In order to assess the Commission decision at issue in the light of the criteria laid down in the judgment of the Court in Case 216/82 (paragraph 14) I shall examine successively the following matters: 2. the application of the Rijksuniversiteit Groningen; 3. the procedure followed by the Commission; and 4. the applicability of Article 7 (3) to (7) of Regulation No 2784/79 to this case. In the final part of my opinion I shall give my conclusions on the matter.

2. The application

In its application of 20 August 1980 for the duty-free admission of the apparatus in question, the Institute described its intended use as follows: “scientific research on metals and materials; instruction of students reading applied physics and, subsidiarily, students of pure physics”. The application form hardly gave room for any more extensive description of the intended use. Somewhat more room was however available for the answer to the question regarding the reasons for which an instrument or apparatus obtainable in the Community could not be used for the intended research. The Institute's answer to that question was as follows: “comparative tests, carried out in Philips' and JEOL's research laboratories in Eindhoven and London respectively show that the JEM-200 CX manufactured by JEOL is far superior to the EM 400 manufactured by Philips. The main reason for that superiority appeared to lie in the acceleration capacity, 200 kV in the case of the JEM-200 CX as opposed to 120 kV in the case of the EM 400. As regards the field of application referred to, namely the study of metals and alloys, the only possible choice appears to be the JEM-200 CX. When asked whether it could supply an EM 400 with an acceleration capacity of 200 kV, Philips replied that it was unable to do so. In spring 1980 exemption on grounds similar to those given above was granted to the Mechanical Engineering Department of the Technische Hogeschool /Technical College/, Twente.”

In Commission Decision 81/843 of 8 October 1981 at issue here the intended use of the apparatus is described, on the basis of further information provided by the Institute as “microstructural research into the transformation and deformation of metallic materials and alloys”.

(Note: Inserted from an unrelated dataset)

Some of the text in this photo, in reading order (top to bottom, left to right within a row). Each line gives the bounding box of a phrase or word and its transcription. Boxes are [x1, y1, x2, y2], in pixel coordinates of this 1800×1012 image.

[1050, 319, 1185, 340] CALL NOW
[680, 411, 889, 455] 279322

On the basis of the original application the competent Netherlands authority certainly had grounds for holding that Commission Decision 80/772 of 18 July 1980, referred to above, was applicable. In that case the intended use was described in practically the same way as in the Institute's application. The description of the intended use eventually adopted by the Commission in this case is somewhat more specific than that given in Decision 80/772, but considerably less specific than the description of the intended use given in the Belgian application to which Decision 81/415/EEC of 25 May 1981 (Official Journal 1981, L 158, p. 24) referred.

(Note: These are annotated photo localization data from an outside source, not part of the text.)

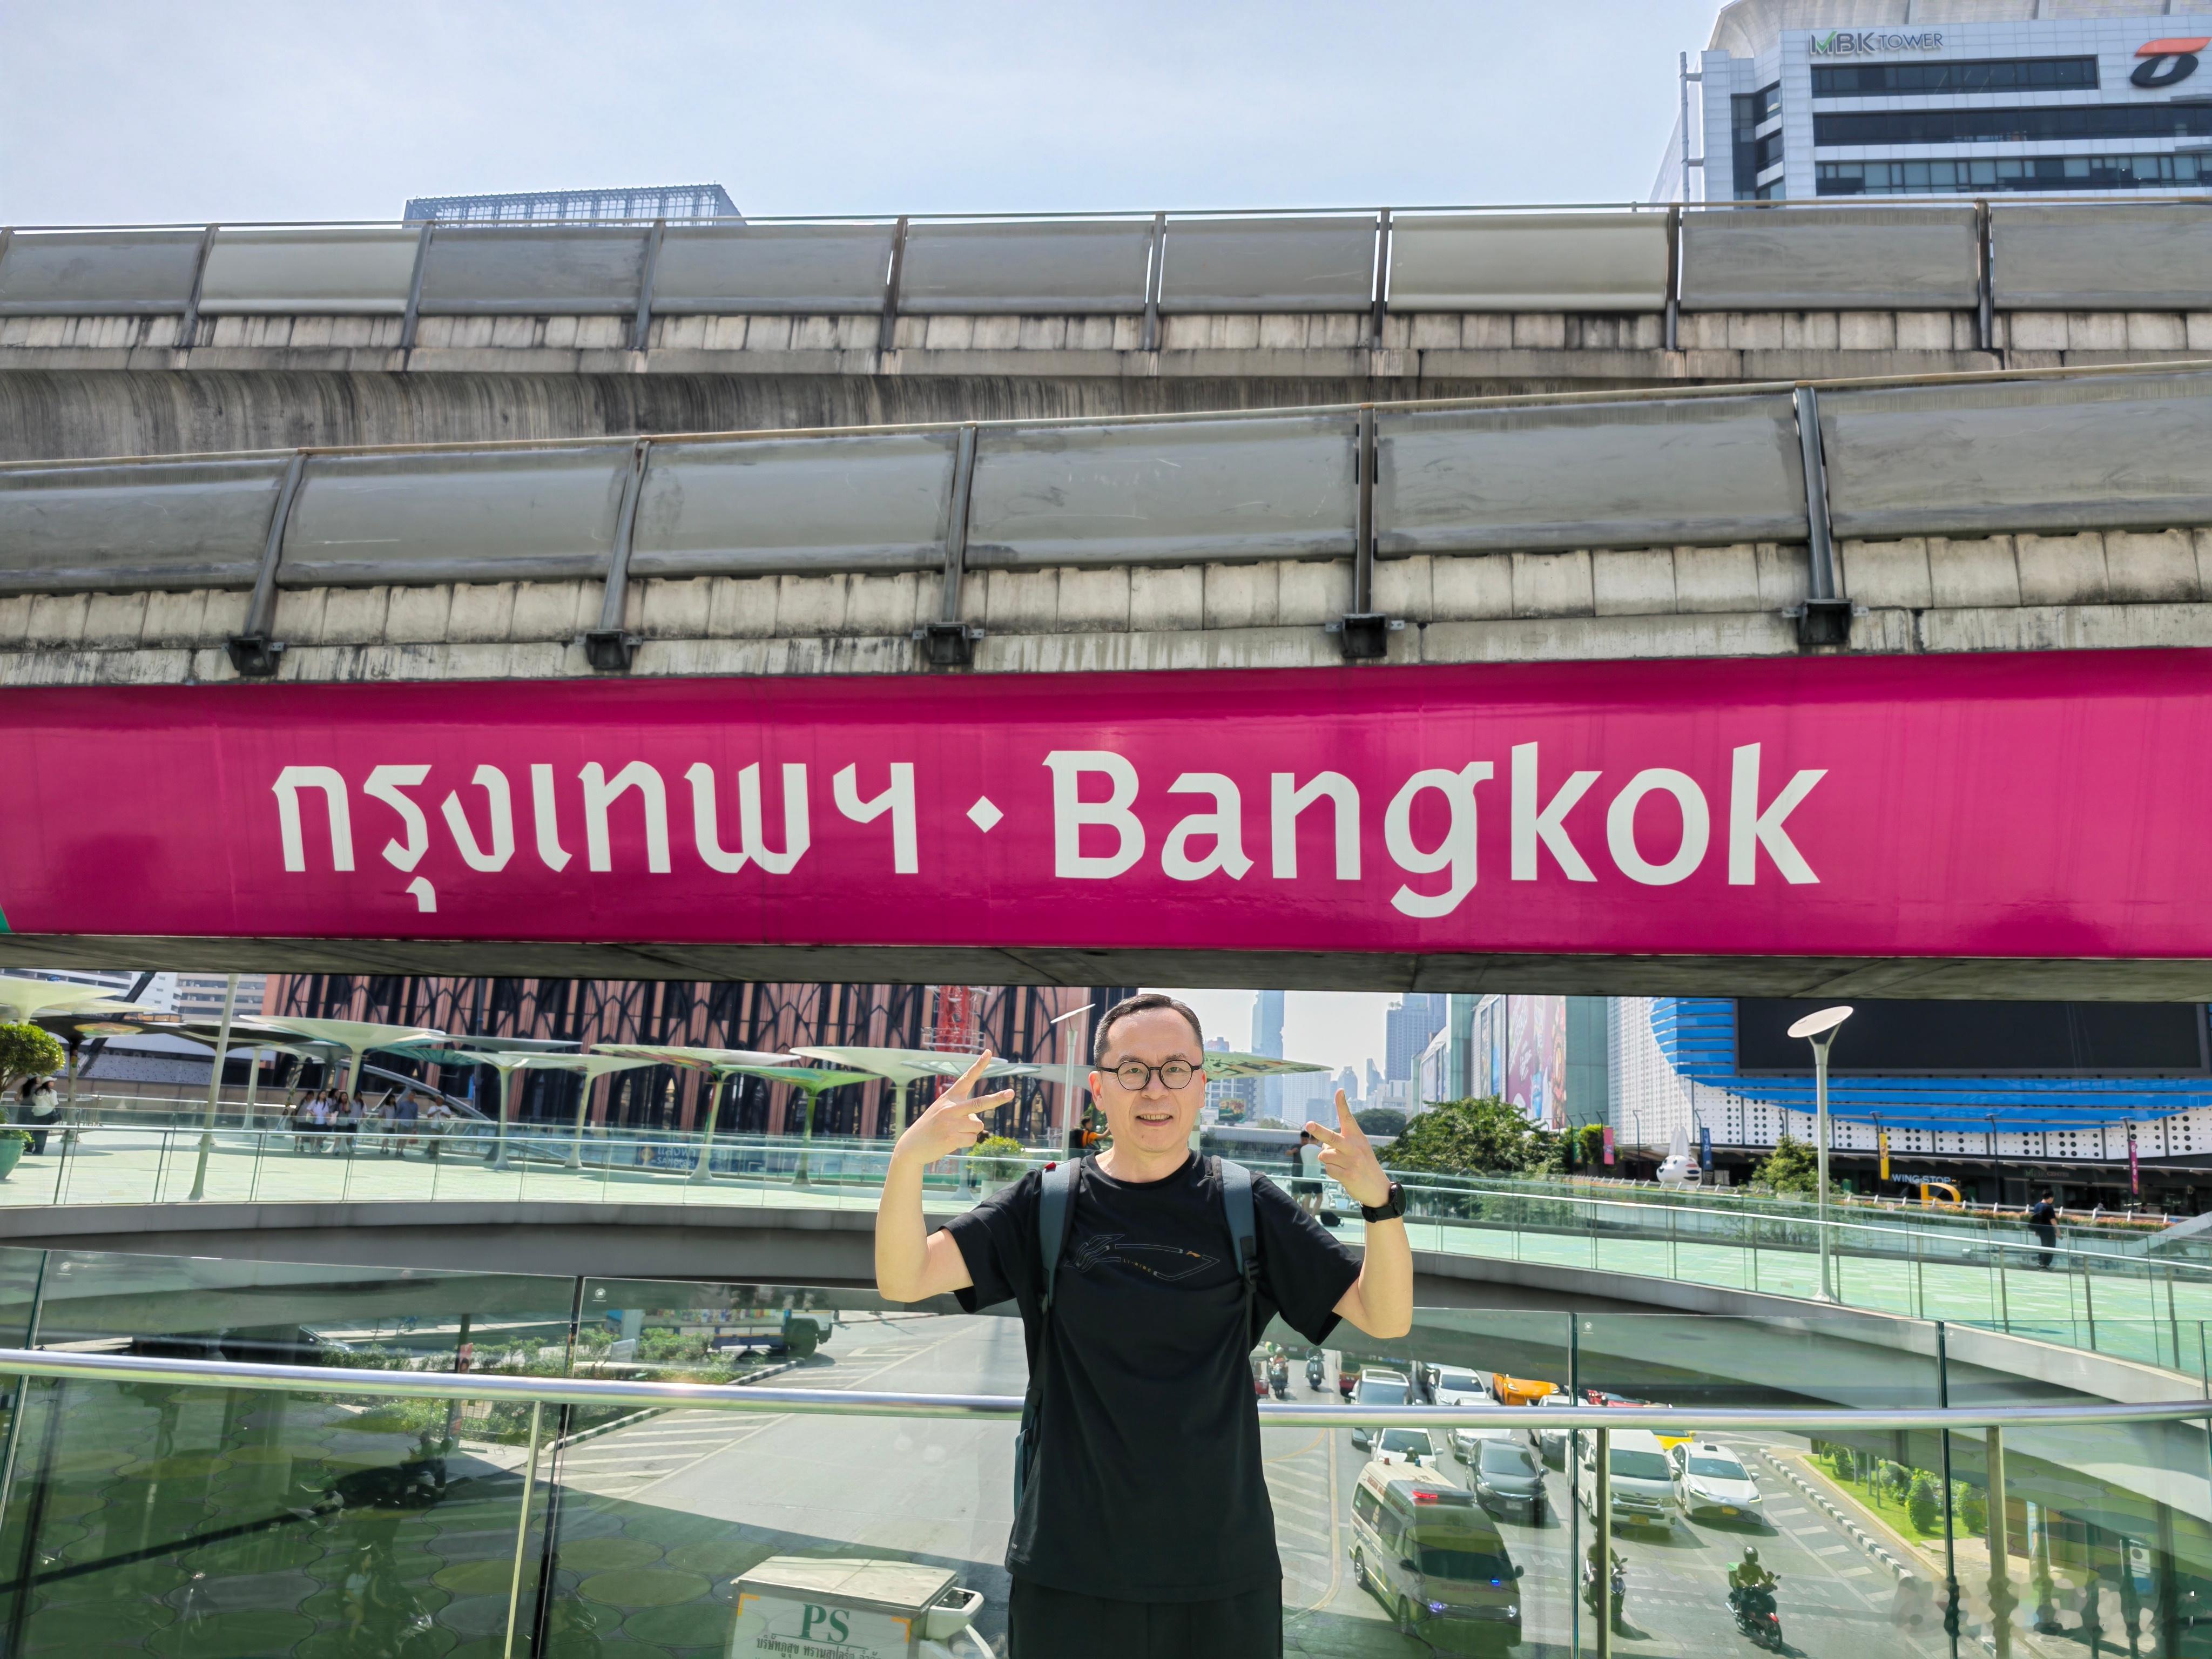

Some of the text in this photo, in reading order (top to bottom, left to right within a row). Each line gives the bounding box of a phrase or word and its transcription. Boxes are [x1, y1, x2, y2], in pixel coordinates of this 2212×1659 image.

[1811, 31, 1944, 53] MBK TOWER
[271, 760, 919, 913] กรุงเทพฯ
[1043, 741, 1829, 918] Bangkok
[1123, 1258, 1151, 1272] LI-NING
[799, 1603, 849, 1643] PS

All other things being equal, having regard to the text of the application and to the second indent of Article 5 (2) of Regulation No 2784/79, the Commission could certainly consider that, in this case there was no reason to make a decision different from that in the two previous cases mentioned above. In particular, the Institute's mere reference to the superiority of the Japanese apparatus did not constitute grounds for the Commission to make a different decision since the Institute had not shown in accordance with Article 5 (2) that the superior performance was “necessary for a proper execution of the specific work to be carried out”. During the procedure before the Court, the Institute acknowledged that at the time of its application it had not adequately recognized the importance of a more specific description of the intended use of the apparatus.

As has been observed, in this case the Commission applied Article 7 (3) to (7) of Regulation No 2784/79. It appears from the report on the discussion of the matter in the Committee on Duty-Free Arrangements on 9 and 10 July 1981, which has been submitted to the Court, and from the explanations in that regard furnished by the Commission at the hearing that: ....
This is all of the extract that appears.